I find fascinating the way in which Kant seeks a resolution to the traditional opposition of subjective and objective experience (previously separated by rational and empirical philosophies), within the human consciousness itself. His acceptance of the limits of human cognitive powers, and of the role of subjective experience in stimulating a continuing creative interplay between mind and 'reality', take him beyond the Enlightenment belief that reality can be conceptualised. His thinking in many ways approaches much more contemporary philosophical realms of 'lived' life and relational indeterminacy.
![]() |
| R. Bolinger: Kant in the style of Picasso |
For Kant consciousness of nature is
shaped by the way in which we attempt to articulate and order it within our
cognitive limitations, even though human understanding does not allow nature to
be completely conceptualised (‘Independent
natural beauty reveals to us a technic of nature that allows us to present
nature as a system in terms of laws whose principle we do not find anywhere in
our understanding’ (CJ 246)). Within an aesthetic response to nature that
acknowledges the limits of cognition there is an intuition of the
‘supersensible’. Kant describes a process whereby, ‘we cannot cognise, but can only think nature as an exhibition of [the
supersensible]. But it is this idea that is aroused in us when, as we judge an
object aesthetically, this judging strains the imagination to its limit…because
it is based on a feeling that the mind has a vocation that wholly transcends
the domain of nature (namely moral feeling’ and it is with regard to this
feeling that we judge the presentation of the object subjectively purposive’
(CJ 268).
It is this aesthetic response to
nature that forms the premise for Kant’s reflections on art.
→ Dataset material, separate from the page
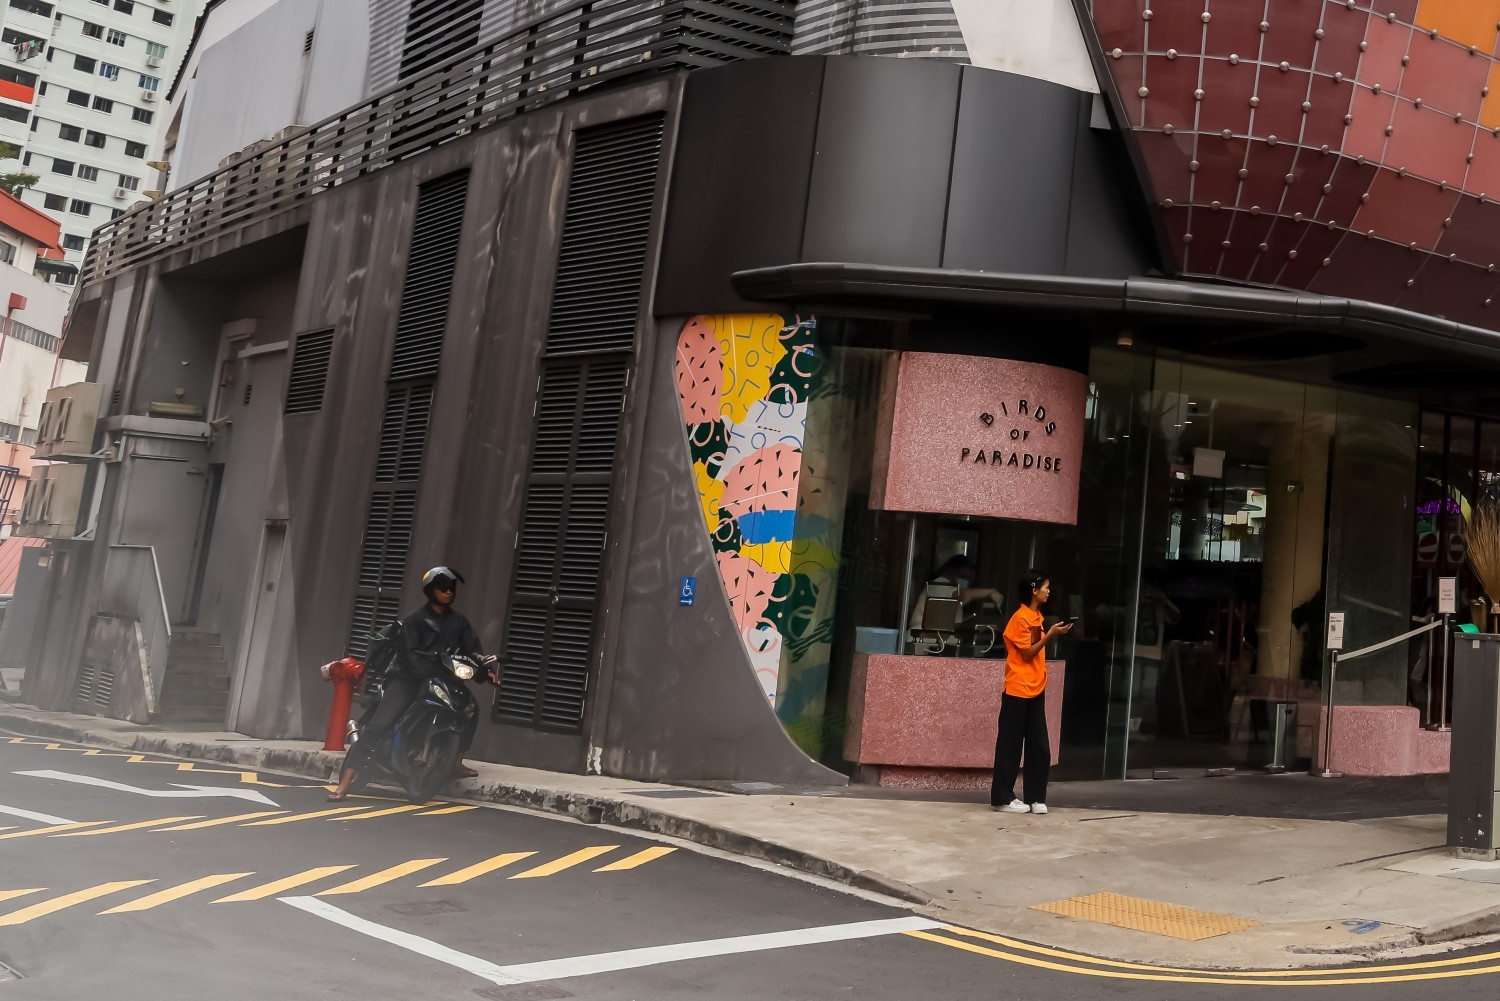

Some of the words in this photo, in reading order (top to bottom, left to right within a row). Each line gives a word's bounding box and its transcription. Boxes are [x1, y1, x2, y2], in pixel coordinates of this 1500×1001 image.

While he
associates art (unlike nature) with intention, ‘a determinate intention to produce something’ (CJ 307), he elevates
art that (like nature) appears uncontrived: ‘even though the purposiveness in a product of fine art is
intentional, it must still not seem intentional; i.e., fine art must have the
look of nature even though we are conscious of it as art
(CJ 307).
For Kant the highest form of art is the product of 'genius',
which he defines as 'originality', 'the very opposite of a spirit of
imitation' (CJ 308), or as 'the innate mental disposition (ingenium)
through which nature gives the rule to art' (CJ 307). ‘Good’ art,
therefore, is art that evokes a multi-faceted aesthetic response similar to
that experienced in nature.
Kant's reflections on the limits of cognition
and language, the emphasis on lived experience, the question of mimesis in
representation, and that elusive 'of-itself' quality that gives both nature art
their potency, prefigure more contemporary philosophical thought. Heidegger’s
‘Dasein’ occupies the same space in which mind interacts with lived experience.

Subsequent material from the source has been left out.